Tuesday, December 27, 2011

The new financial literacy seminar series

As December comes to an end, I am thinking of some initiatives undertaken this year. One stands out, as it is rather recent and it is in the process of being evaluated to make it even better: our Financial Literacy Seminar Series. Started last October, this is a joint project between the George Washington University School of Business and the Federal Reserve Board (FRB) with the goal of hosting cutting edge research on financial literacy. We invited all individuals and institutions interested in financial literacy in the Washington, DC, area, and because presentations have been taped and posted on the web, everybody who is interested in financial literacy can watch the presentations or read the papers. They are posted on the seminar’s web page: http://business.gwu.edu/flss/.

We had a distinguished group of speakers in the fall term. Our inaugural seminar was given by Olivia Mitchell from the Wharton School, whose talk examined the link between financial literacy and wealth accumulation. Her talk was followed by a panel of policy experts, including Gail Hillebrand from the Consumer Financial Protection Bureau, Karen Dynan from Brookings, and Jason Fichtner from George Mason University (formerly the Deputy Commissioner of SSA). In subsequent seminars, Robert Clark from North Carolina State University presented his work on workplace financial education, a very important topic when looking at financial education for the adult population; Stephan Meier from Columbia Business School examined the link between financial literacy and subprime mortgages, showing that numerical ability is strongly associated with mortgage delinquency and default; Bilal Zia from the World Bank presented an evaluation of financial literacy programs in India; and Jonathan Zinman from Dartmouth College examined household debt and, in particular, credit card debt and the way it could be managed better. Our last speaker was Brigitte Madrian from Harvard University. She reported on some important features of default options, i.e., the fact that when employees are automatically enrolled into pensions, many of them stay enrolled at the default rate, even when that rate is a “bad” one and unlikely to correspond to a rate that the individual would have chosen had he/she made an active choice. Most importantly, the employees who tend to stick to the default are disproportionately those with low income, which is often a proxy for low financial literacy.

Different seminars in the series had different formats. While the majority of talks were given by academics, at times we had a discussant or, as mentioned above, a panel of policy experts. Even without a discussant, our audience had so many experts in this field that there always was a very lively discussion with many questions asked of the speaker. To continue the discussion in a less formal setting, we held a reception after the seminar so that participants could continue the discussion with either the presenter or other attendees (sometimes with the help of a glass of Italian wine). The Dean of the Business School would also stop by the reception to greet the speaker or meet the attendees and to hear how the School could continue to promote financial literacy.

One of the privileges of organizing the seminar series is that I get to meet with the seminar speakers, discuss their paper in depth, hear in more detail their views and their insights as well as learn about their future projects.

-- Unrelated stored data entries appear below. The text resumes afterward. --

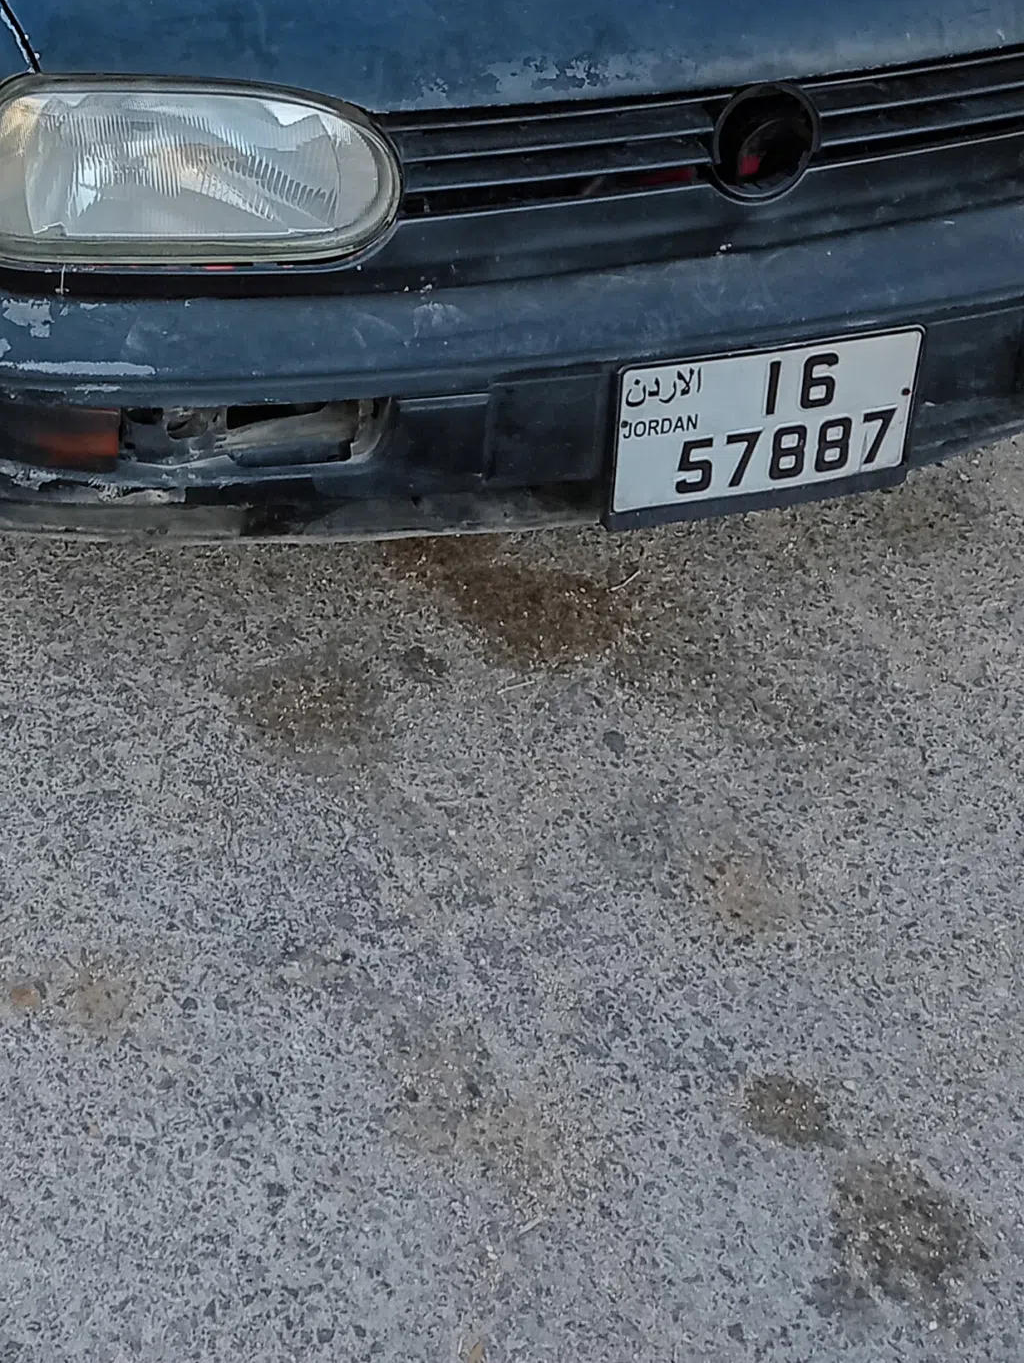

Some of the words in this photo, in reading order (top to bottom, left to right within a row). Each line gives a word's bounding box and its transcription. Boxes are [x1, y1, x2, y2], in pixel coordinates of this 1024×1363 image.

[766, 352, 839, 416] 16
[622, 414, 698, 438] JORDAN
[675, 408, 897, 495] 57887
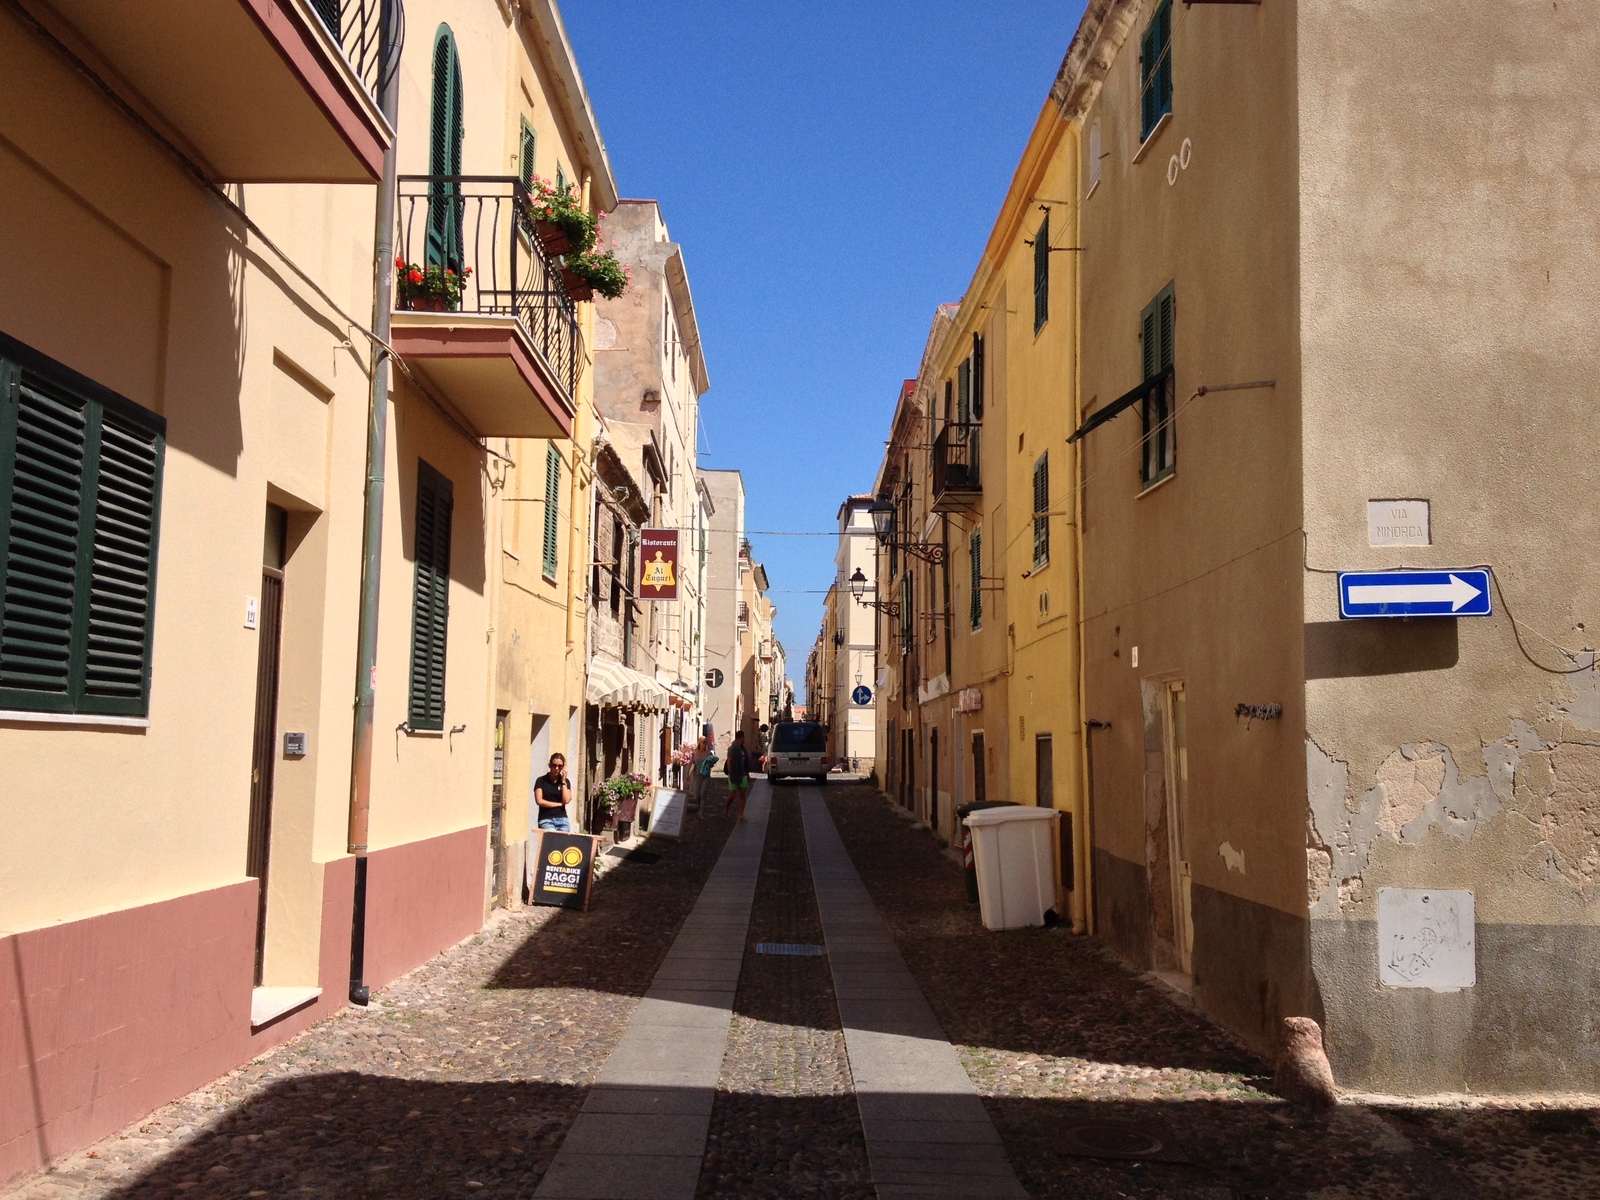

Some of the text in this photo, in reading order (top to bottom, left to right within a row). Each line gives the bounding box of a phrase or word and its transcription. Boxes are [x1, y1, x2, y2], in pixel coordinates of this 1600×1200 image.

[1390, 508, 1408, 520] VIA
[1376, 525, 1423, 538] MINORCA
[642, 538, 677, 546] Ristorante
[654, 567, 664, 575] Al
[545, 865, 581, 875] RENTABIKE
[544, 872, 580, 884] RAGGI
[551, 881, 578, 889] SARDEGNA
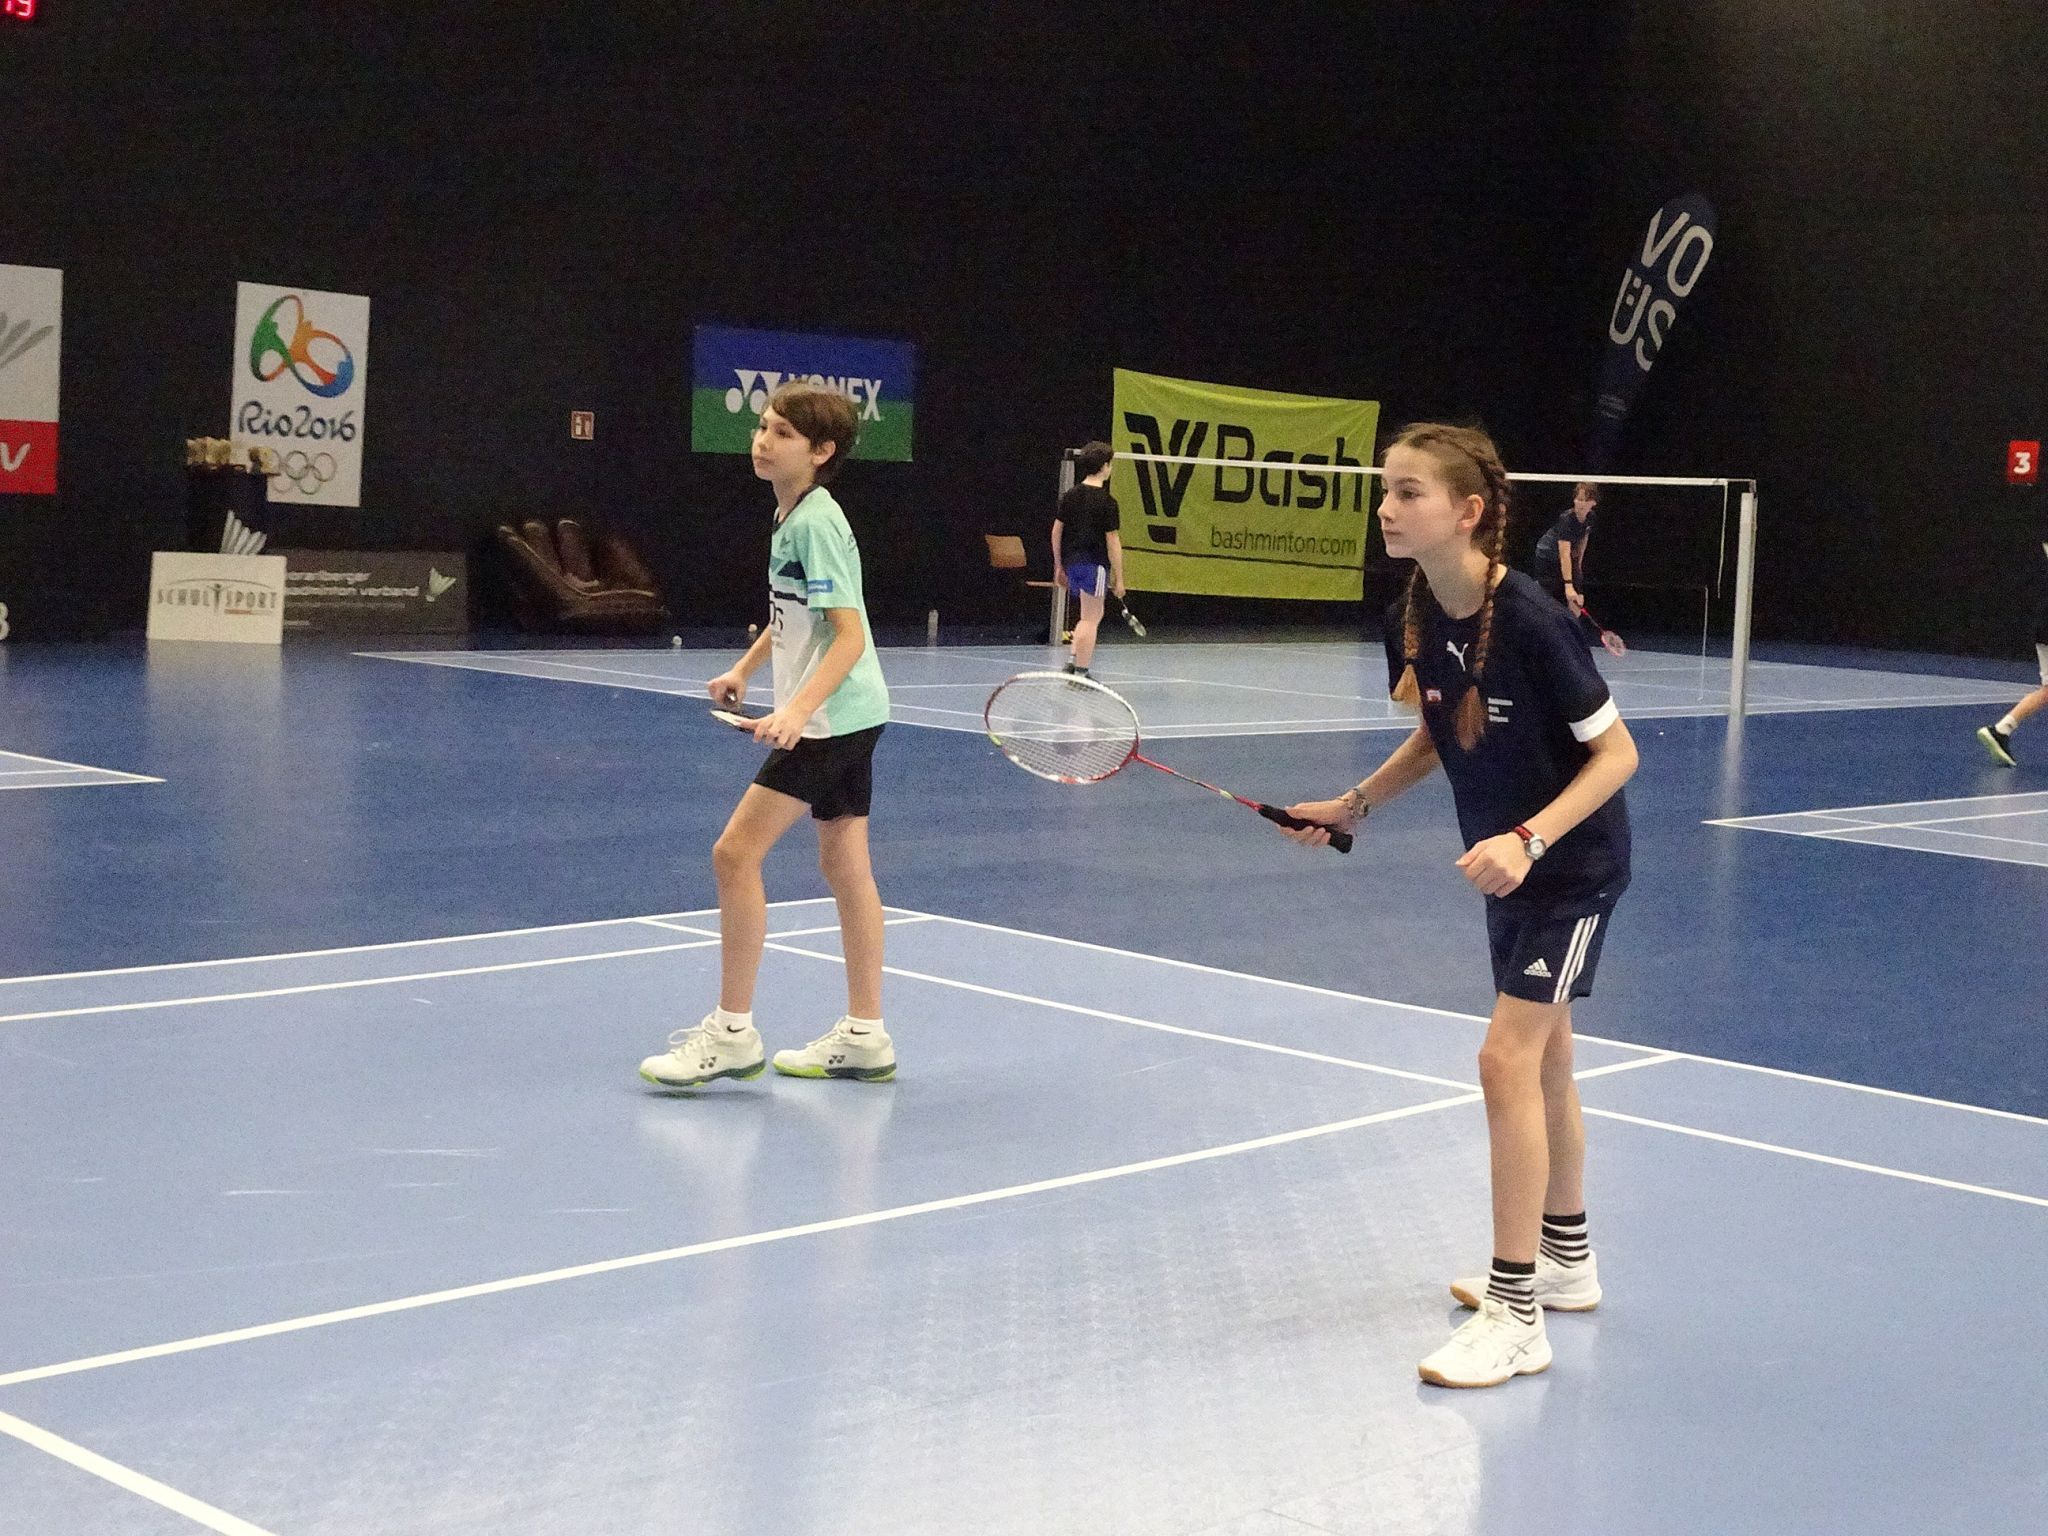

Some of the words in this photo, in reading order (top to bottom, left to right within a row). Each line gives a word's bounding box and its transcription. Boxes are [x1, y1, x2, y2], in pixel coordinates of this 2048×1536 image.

[1641, 207, 1713, 297] VO
[788, 373, 881, 421] NEX
[1213, 424, 1363, 512] Bash
[2014, 452, 2031, 474] 3
[1211, 526, 1357, 556] bashminton.com

Another equally important privilege was getting to know and work with a group of researchers from the Federal Reserve Board. They have been a great group to work with: they combine an interest in theoretical and empirical research with a focus on policy; they ask important questions and have very high standards for research. Together, we were unstoppable; we started to work on the series in August and in October we were ready to start.

And speaking of privileges, last June, I had the opportunity to meet with Chairman Bernanke. Sitting in his elegant office at the FRB, I told him about the projects that our teams at the Financial Literacy Center (FLC) were working on and what we were doing to promote financial literacy. He proposed more interaction between the researchers working on financial literacy and the researchers from the Federal Reserve Board and suggested organizing some joint activities. As a result, the Financial Literacy Seminar Series was born, and it benefits from the financial support of the Federal Reserve Board. Because the end of the year is a time for evaluation, I have to say I am very proud of our new Financial Literacy Seminar Series. And I am especially proud of being a student of Ben Bernanke.